Where a picture appears, leave it out, and transcribe all the lines below exactly.

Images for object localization
----
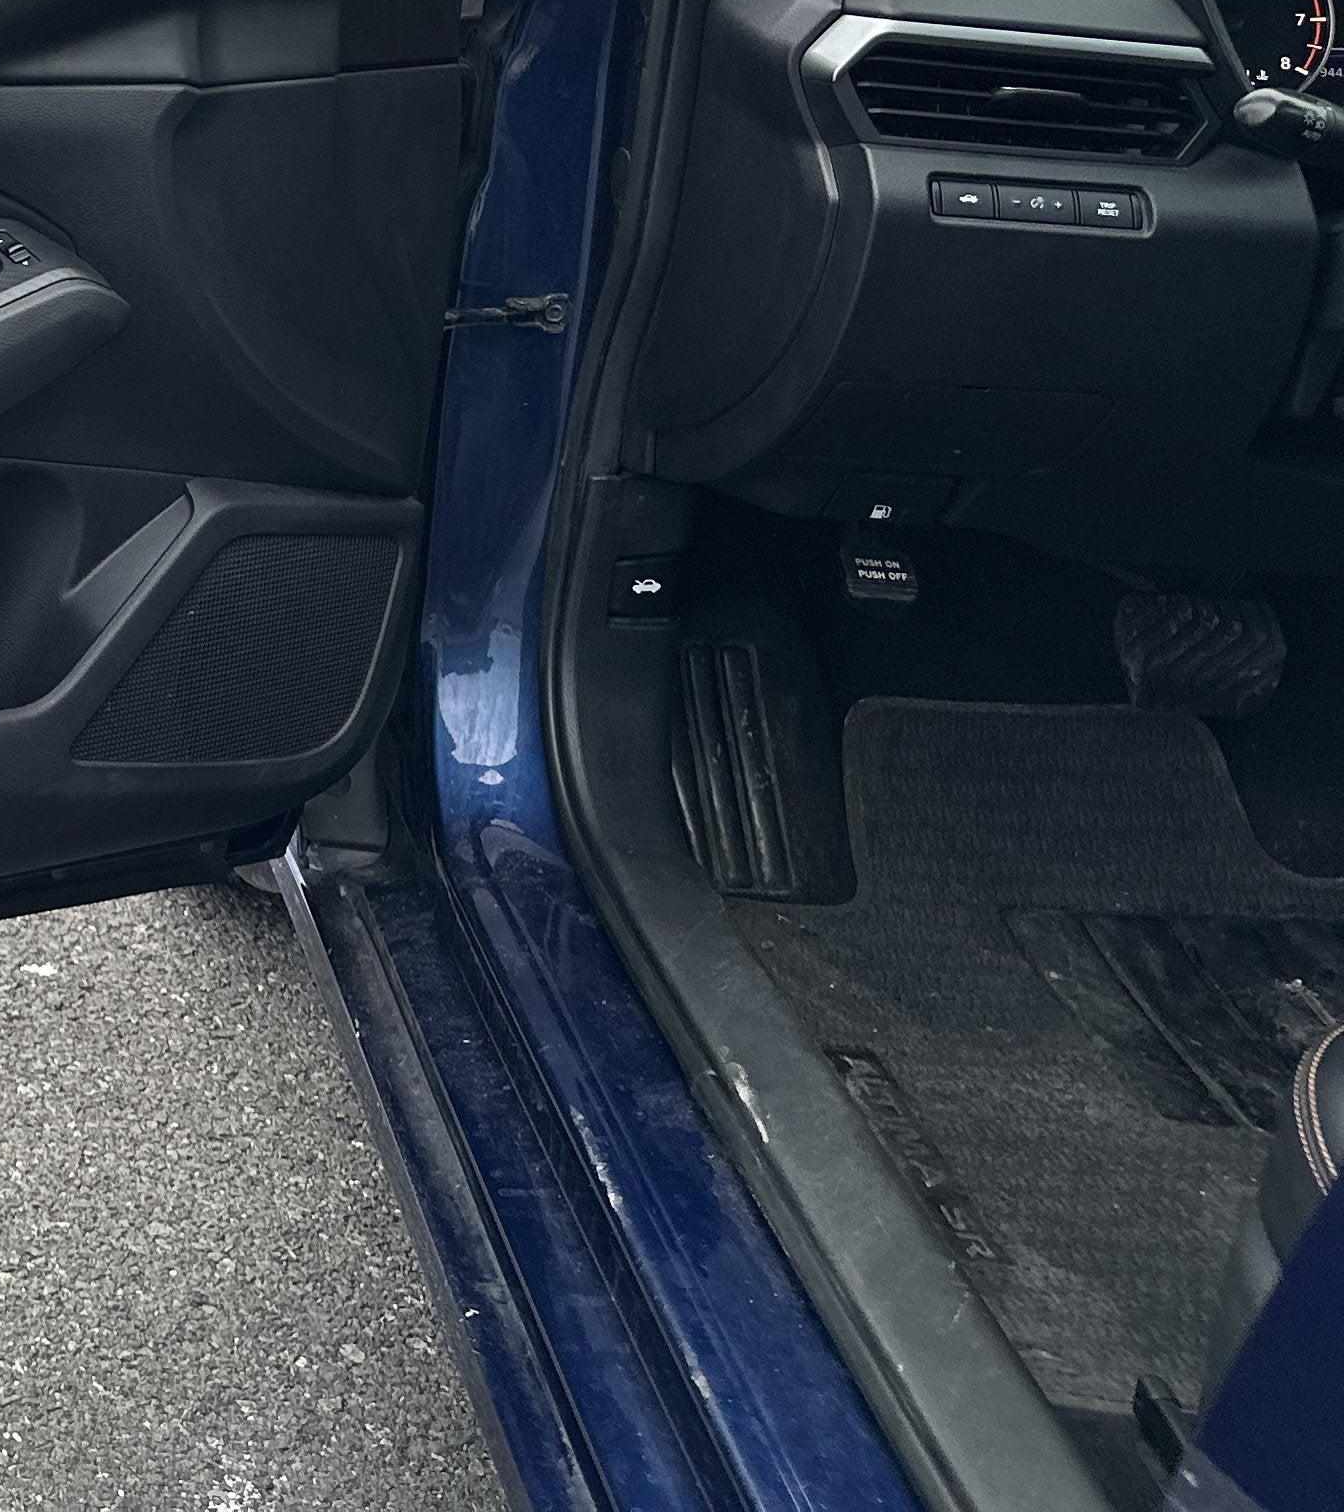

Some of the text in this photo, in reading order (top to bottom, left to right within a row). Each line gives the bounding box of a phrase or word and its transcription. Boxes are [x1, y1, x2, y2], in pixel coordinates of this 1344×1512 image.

[1295, 13, 1306, 26] 7
[1280, 56, 1291, 70] 8
[1099, 201, 1117, 209] TRIP
[1097, 208, 1120, 217] RESET
[854, 557, 901, 569] PUSH ON
[857, 569, 908, 581] PUSH OFF
----
RESPONSE BELOW:
Some of the text in this photo, in reading order (top to bottom, left to right within a row). Each line gives the bounding box of a phrase or word and its transcription. Boxes are [x1, y1, x2, y2], in pixel coordinates of this 1344×1512 image.

[1295, 13, 1306, 26] 7
[1280, 56, 1291, 70] 8
[1099, 201, 1117, 209] TRIP
[1097, 208, 1120, 217] RESET
[854, 557, 901, 569] PUSH ON
[857, 569, 908, 581] PUSH OFF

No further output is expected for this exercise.